The semi-finals of the third NBA The Cup, initially called the In-Season Tournament in 2023, will be played on Saturday in Las Vegas. The NBA, happy with the third-year event, is choosing not to change its placement in the 2026 calendar.
“We’ll be in December again for the Round of 16 next year,” said Evan Wasch, NBA executive vice president and head of basketball strategy and growth. “So far, we are very pleased with what we have seen during this period from November to December.”
Several measurements illustrate the NBA CupThe success of generating interest at the start of the season. Social media views on NBA-owned platforms in November doubled since 2019, with the largest year-over-year increase occurring in the tournament’s first year in 2023. This season, NBA Cup nights average 24% more views than non-Cup nights.
NBA Cup group games over the past three seasons have averaged 1.44 million viewers, up 26% from comparable November nights last season before the tournament. Although television audience comparisons to this season are tricky because the league has new media partners this year (including NBC), the final week of this year’s NBA Cup group stage was the most-watched week of the regular season since the 2018-19 season, excluding Opening Week and Christmas.
In terms of corporate partners, the tournament is also progressing positively, with sponsors increasing from seven in 2023 to 14 in 2025.

Wasch noted that no decisions have been made beyond 2026 regarding the Cup schedule. January, however, is a busier and more uncertain time in the sports calendar, with the recent expansion of the 2022 NFL playoffs and the potential further expansion of the College Football Playoff.
The NBA isn’t opposed to adjustments — even a change as drastic as competing European teams are reportedly on the table — but the league is in no rush.
“The vision we had with the Cup several years ago was to create a second championship,” Wasch said. “Momentum has been building over the last couple of years, but it was always a long-term vision…that could become a true basketball event and legacy for players and teams. It could take five, 10 years, or even a generation, to take hold like we think.”

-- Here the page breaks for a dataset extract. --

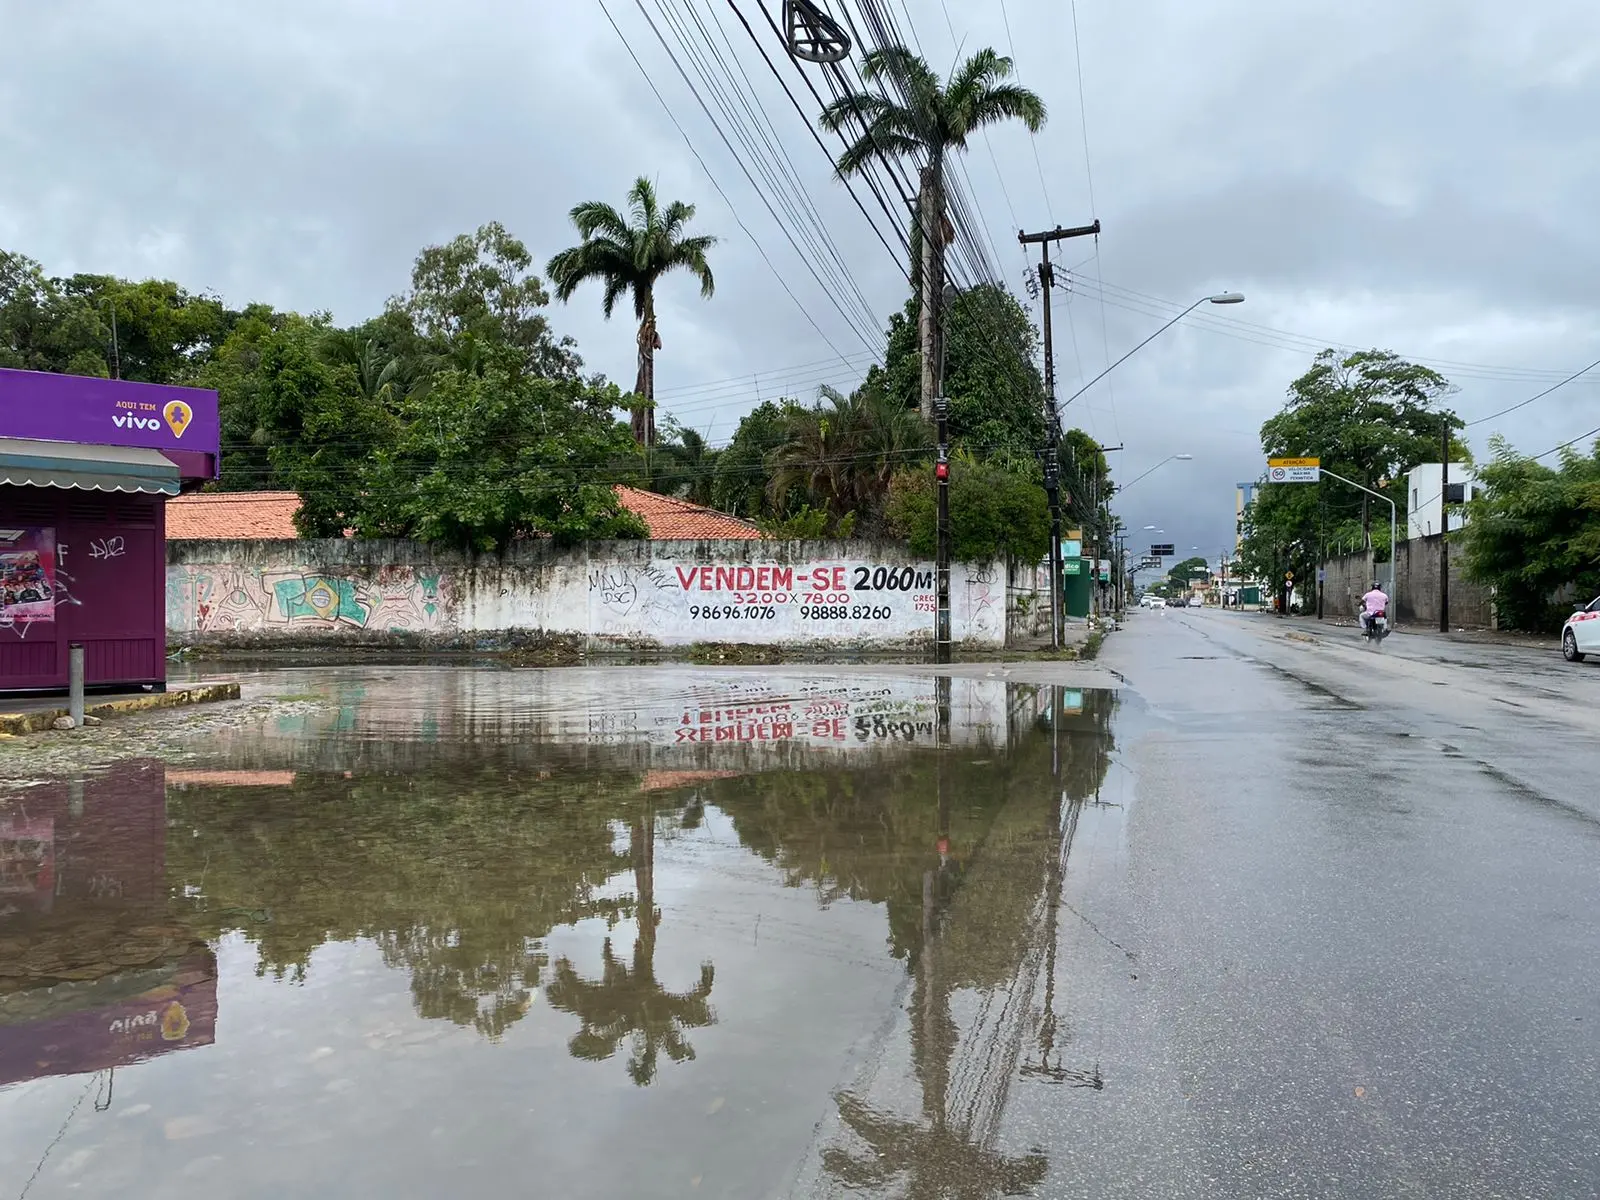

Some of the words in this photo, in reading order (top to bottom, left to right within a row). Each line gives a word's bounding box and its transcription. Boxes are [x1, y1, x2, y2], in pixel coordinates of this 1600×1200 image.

The format remaining the same as in 2024, the most important changes in 2025 could concern the presentation. The Round of 16 is being broadcast exclusively by new media partner Amazon, which broadcast its first NBA game seven weeks ago but immediately made its mark as almost all the games on Prime Video so far have been Cup matches.
“This is (Amazon’s) event. That’s what they’re going to throw their weight behind in trying to do things differently,” said Paul Benedict, NBA senior vice president and chief broadcaster.

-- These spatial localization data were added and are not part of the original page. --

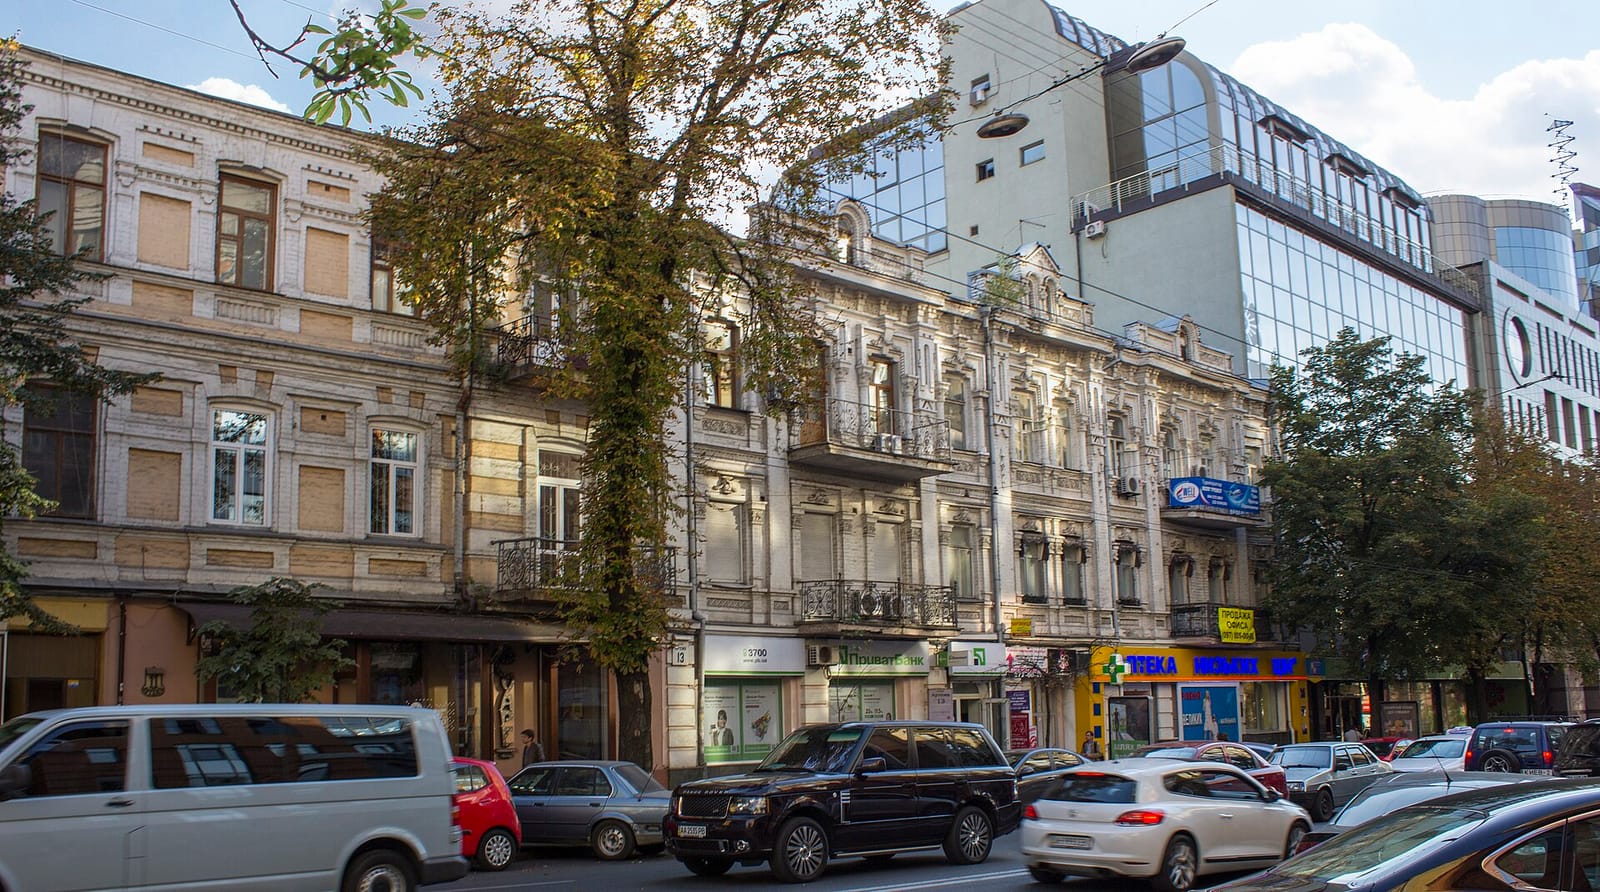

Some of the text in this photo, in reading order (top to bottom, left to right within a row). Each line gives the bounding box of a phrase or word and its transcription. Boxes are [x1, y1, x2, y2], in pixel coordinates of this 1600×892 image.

[1221, 610, 1251, 620] ПРОДАЖА
[1226, 621, 1249, 630] ОФИСА
[677, 652, 685, 664] 13
[747, 648, 768, 657] 3700
[849, 652, 925, 667] ПриватБанк
[1127, 655, 1178, 675] ПТЕКА

For the semi-finals and final, the performance of the national anthem and live presentations of the starting lineup will be part of the broadcast. The move comes after the 2025 NBA Finals, when the league reintroduced live starting lineup intros before Game 5 in response to fan complaints that the Finals broadcast was too similar to the regular season. “The branding part, which was a takeaway from last year’s finale, was important,” Benedict said. “We’re trying to really organize this.”
But the product on the field comes first. It helps that about 60% of Cup games have been “clutch” games (with a point differential of five points or less in the final five minutes). That’s higher than the 56% regular season rate and 53% playoff rate over the past three years.
Player buy-in has been crucial, but not surprising, given that the tournament was negotiated between the league and its players’ union during collective bargaining in 2023. Orlando Magic forward Paolo Banchero said the environment “simulates the playoffs a little bit,” echoing other players’ sentiments about the competitiveness of the games.
Wasch says the league would like to create even more urgency around previous round-robin games. It’s, in a way, a simple elimination: eight of the 22 teams that went 3-1 in the group stage didn’t advance to the round of 16.
“A group stage feels like you have some breathing room from a competitive point of view, but it’s very little,” Wasch said. “If you want to be sure of progressing in the Cup, you have to be 4-0 to guarantee it… I don’t think that’s taken into account yet, but I think it will happen over time.”
The biggest change in 2026 will be to play the semi-finals in their home markets, with only the final played at a neutral site, so that teams can get an extra round of fan engagement in their home arenas. Ultimately, this final location may not be Vegas either.
“Whether it’s here in Vegas or in another market in the future,” said Kelly Flatow, NBA executive vice president and global head of events, the focus is on “building the championship to be this incredible crown jewel.”